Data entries
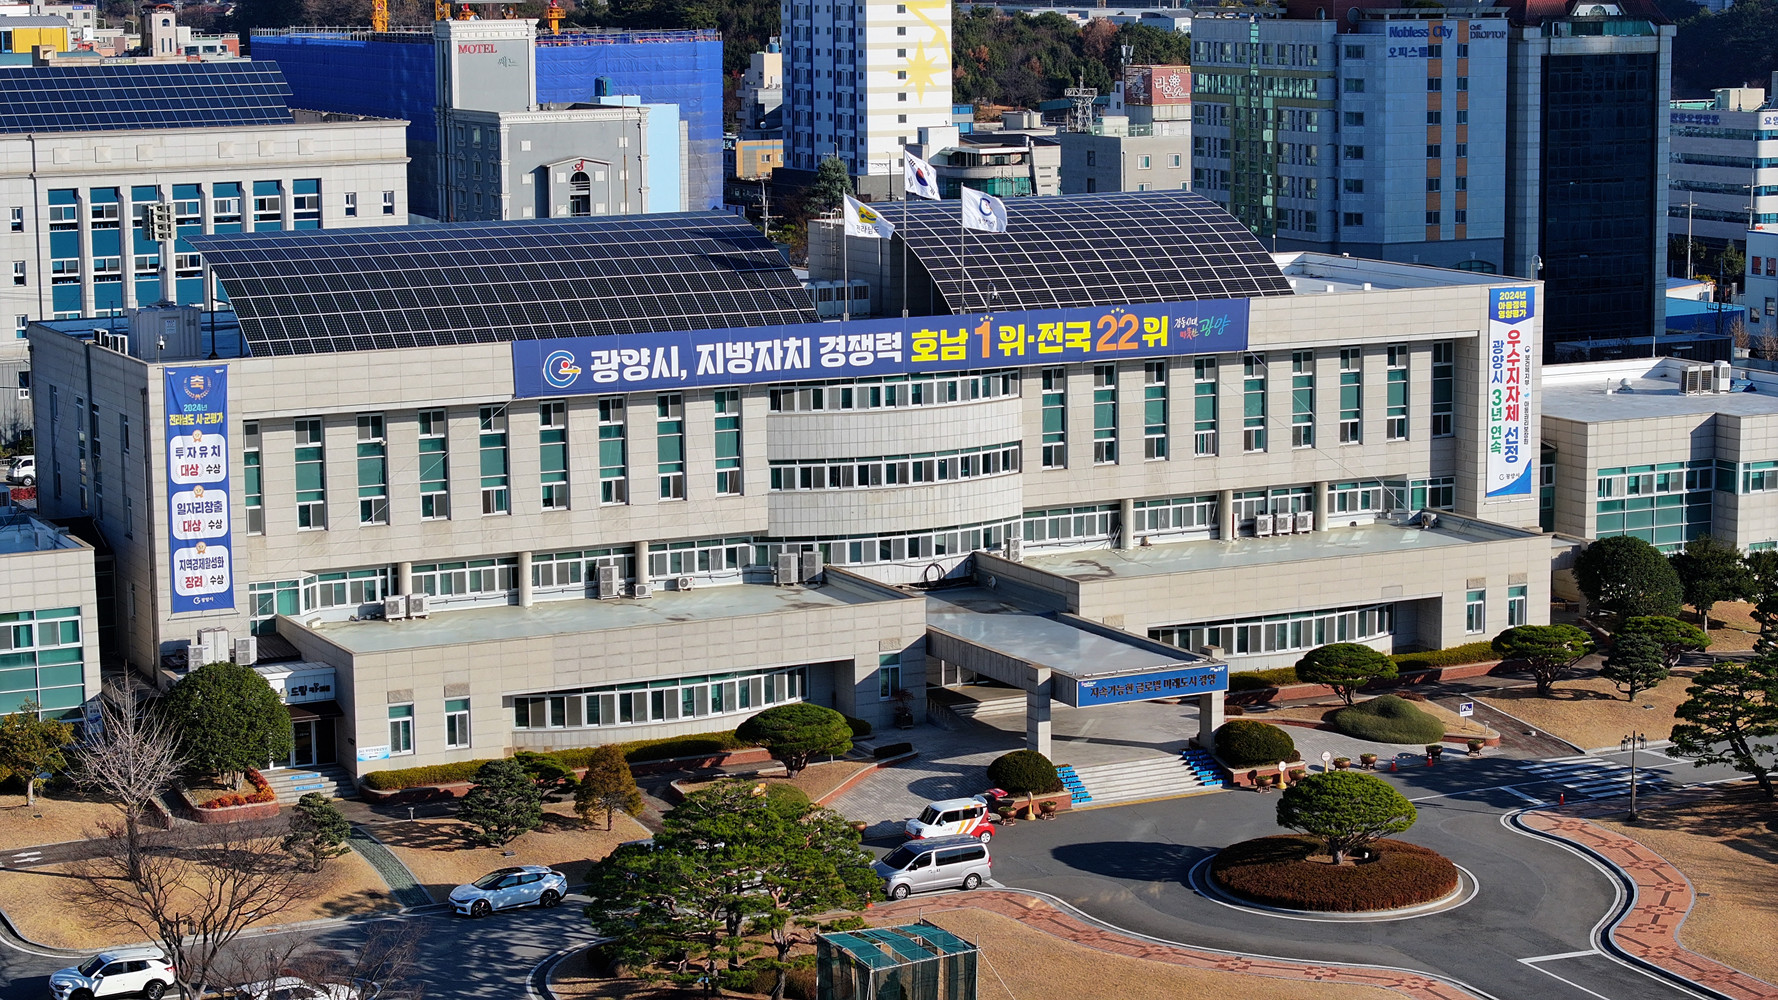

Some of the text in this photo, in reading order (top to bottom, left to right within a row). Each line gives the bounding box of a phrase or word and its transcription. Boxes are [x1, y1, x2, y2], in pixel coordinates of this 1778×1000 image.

[1389, 25, 1453, 39] Nobless City
[1470, 30, 1506, 39] DROPTOP
[458, 44, 497, 54] MOTEL
[1388, 47, 1428, 58] 오피스텔
[1499, 291, 1527, 301] 2024년
[1199, 314, 1231, 336] 광양
[590, 345, 688, 383] 광양시,
[696, 337, 811, 376] 지방자치
[819, 331, 902, 368] 경쟁력
[911, 328, 969, 362] 호남
[190, 375, 204, 389] 축
[1490, 340, 1504, 454] 광양시 3년 연속
[1505, 329, 1521, 463] 우수지자체 선정
[183, 403, 207, 412] 2024년
[169, 413, 194, 425] 전라남도
[180, 464, 221, 476] 대상 수상
[177, 501, 222, 515] 일자리창출
[183, 519, 222, 532] 대상 수상
[179, 556, 224, 571] 지역경제활성화
[185, 575, 224, 588] 장려 수상
[291, 685, 307, 696] 드림
[1090, 684, 1134, 698] 지속가능한
[1136, 678, 1162, 693] 글로벌
[1163, 676, 1197, 690] 미래도시
[1199, 674, 1216, 687] 광양

**What you need to do:** If an entry holds a picture, skip the picture and print the rest of the data exactly.

**Solution for this task:**
Some of the text in this photo, in reading order (top to bottom, left to right within a row). Each line gives the bounding box of a phrase or word and its transcription. Boxes are [x1, y1, x2, y2], in pixel coordinates of this 1778×1000 image.

[1389, 25, 1453, 39] Nobless City
[1470, 30, 1506, 39] DROPTOP
[458, 44, 497, 54] MOTEL
[1388, 47, 1428, 58] 오피스텔
[1499, 291, 1527, 301] 2024년
[1199, 314, 1231, 336] 광양
[590, 345, 688, 383] 광양시,
[696, 337, 811, 376] 지방자치
[819, 331, 902, 368] 경쟁력
[911, 328, 969, 362] 호남
[190, 375, 204, 389] 축
[1490, 340, 1504, 454] 광양시 3년 연속
[1505, 329, 1521, 463] 우수지자체 선정
[183, 403, 207, 412] 2024년
[169, 413, 194, 425] 전라남도
[180, 464, 221, 476] 대상 수상
[177, 501, 222, 515] 일자리창출
[183, 519, 222, 532] 대상 수상
[179, 556, 224, 571] 지역경제활성화
[185, 575, 224, 588] 장려 수상
[291, 685, 307, 696] 드림
[1090, 684, 1134, 698] 지속가능한
[1136, 678, 1162, 693] 글로벌
[1163, 676, 1197, 690] 미래도시
[1199, 674, 1216, 687] 광양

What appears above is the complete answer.